Which rice works best
Different countries use different rice. Senegalese versions use broken jasmine rice, Nigerians often use parboiled rice, and Ghanaians tend to use long grain jasmine. I’ve gone with long grain rice, which is easy to find and holds up really well through the cook.
Making it vegetarian
Swap the chicken stock for vegetable stock and this dish is completely vegetarian. The flavour is still great because the sauce does most of the heavy lifting.
Storing leftovers
Leftover Jollof rice keeps well in an airtight container in the fridge for up to 5 days. Reheat it thoroughly in the microwave before serving.
What to serve with it
This is a great side for grilled or roasted chicken, alongside some fried plantain, or with a piece of grilled fish and a fresh salad. It also works as a meal on its own with some extra vegetables.
FAQs:
Can I make this ahead of time? Jollof rice is best served fresh, but it reheats really well. You can make it a day ahead and warm it through in the microwave. The flavours actually develop overnight, so day-two Jollof is often even better.
Is it spicy? Yes, this recipe has a real kick from the Scotch bonnet chillies. If you prefer less heat, start with one chilli instead of two, or remove the seeds before blending. You can taste and adjust as you go.
Can I freeze it? Yes, you can freeze Jollof rice in an airtight container for up to 3 months. Thaw it in the fridge overnight and reheat thoroughly before serving.

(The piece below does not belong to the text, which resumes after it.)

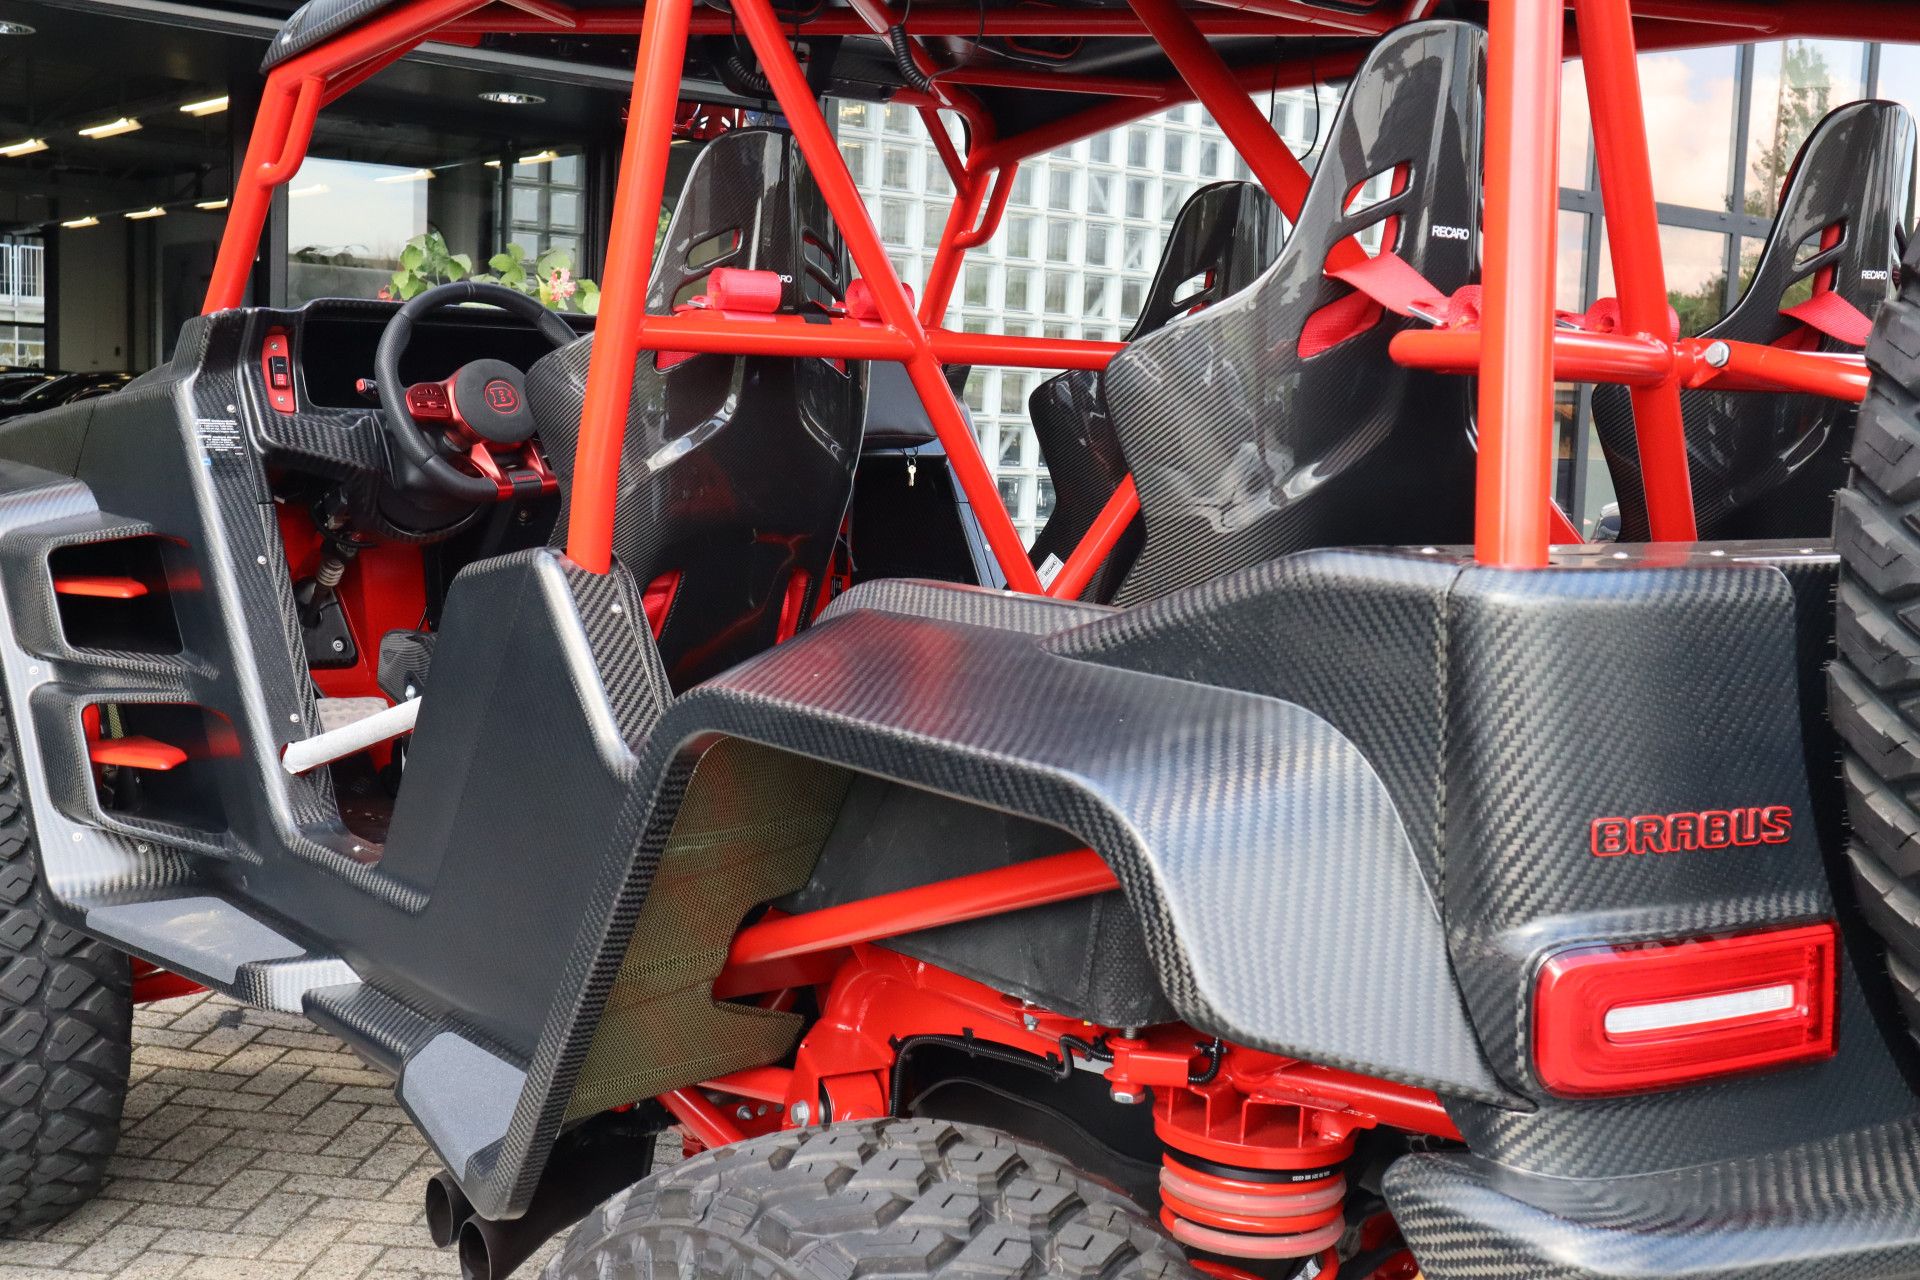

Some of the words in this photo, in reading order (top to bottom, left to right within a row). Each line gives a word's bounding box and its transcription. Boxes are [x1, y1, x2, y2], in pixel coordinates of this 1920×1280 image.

[1431, 225, 1470, 240] RECARO
[1861, 269, 1888, 280] RECARO
[1591, 806, 1793, 857] BRABUS
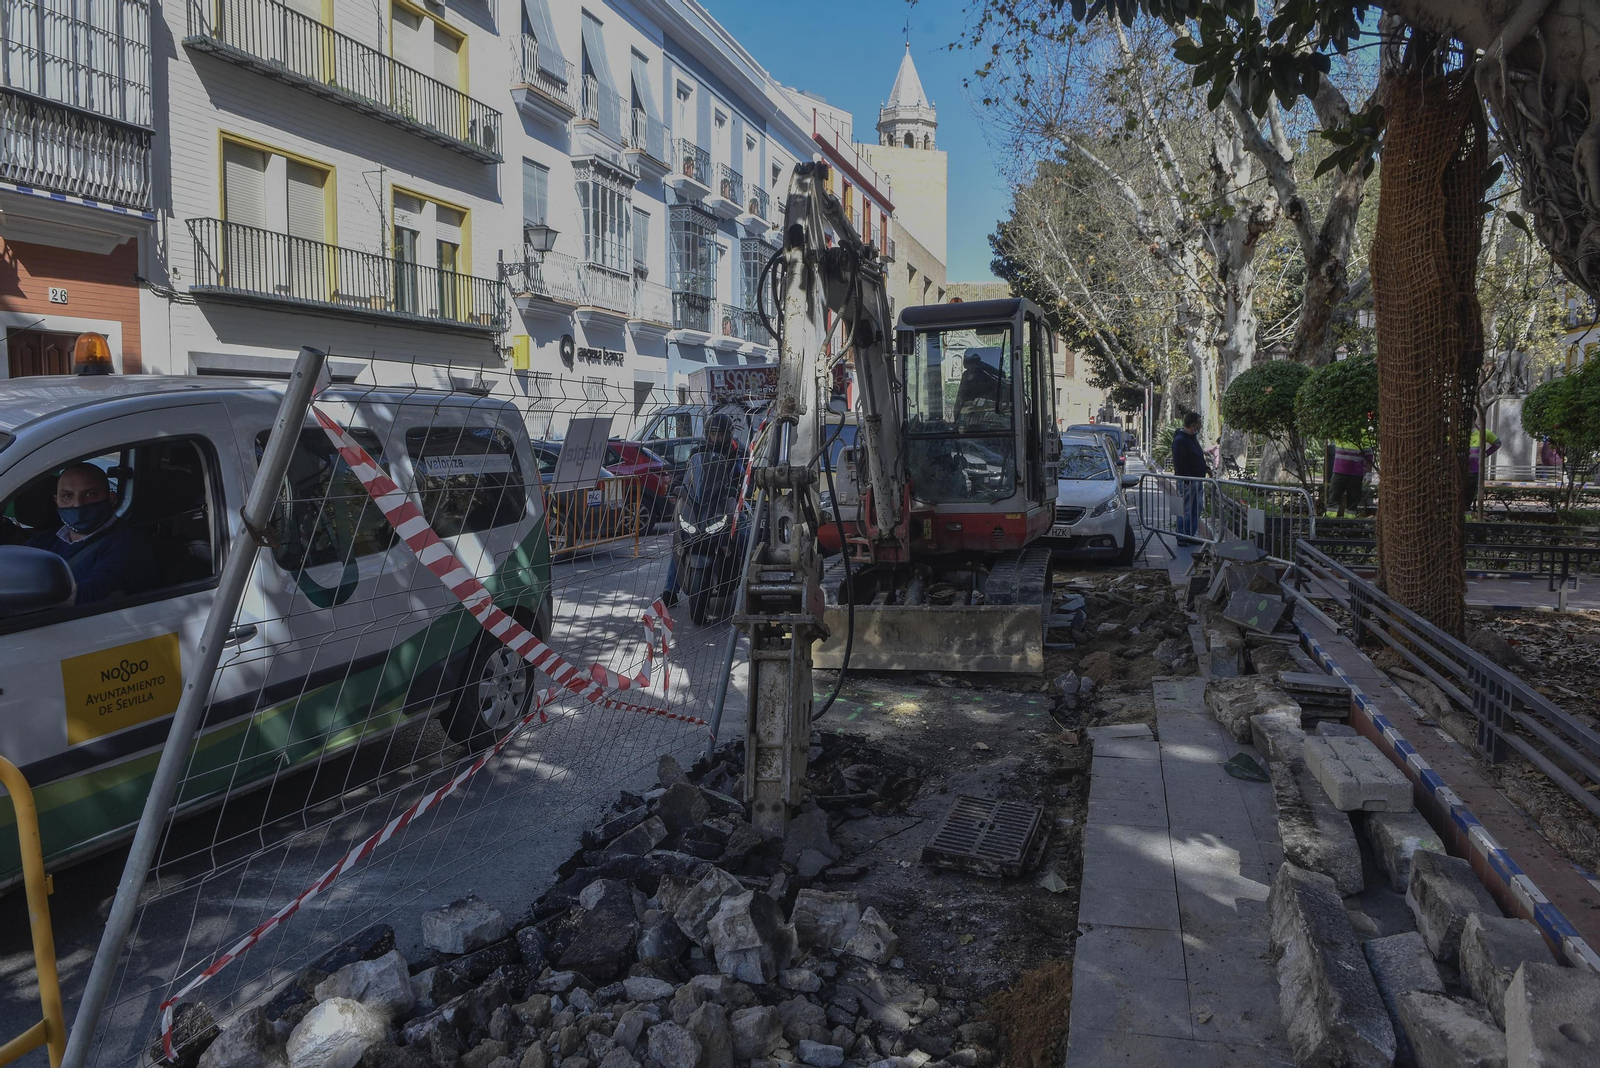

Can I make it vegetarian? Yes, just swap the chicken stock for vegetable stock and you’re done. Everything else in the recipe is already plant-based.
Is it gluten free? Yes, this recipe is naturally gluten free as written. Just check the label on your stock to make sure it doesn’t contain any hidden gluten.
Why does the bottom of the rice go dark? That slightly crispy, smoky layer on the bottom of the pot is actually a good thing. In West Africa it’s considered the best part of the whole dish, sometimes called party jollof. Don’t panic when you see it.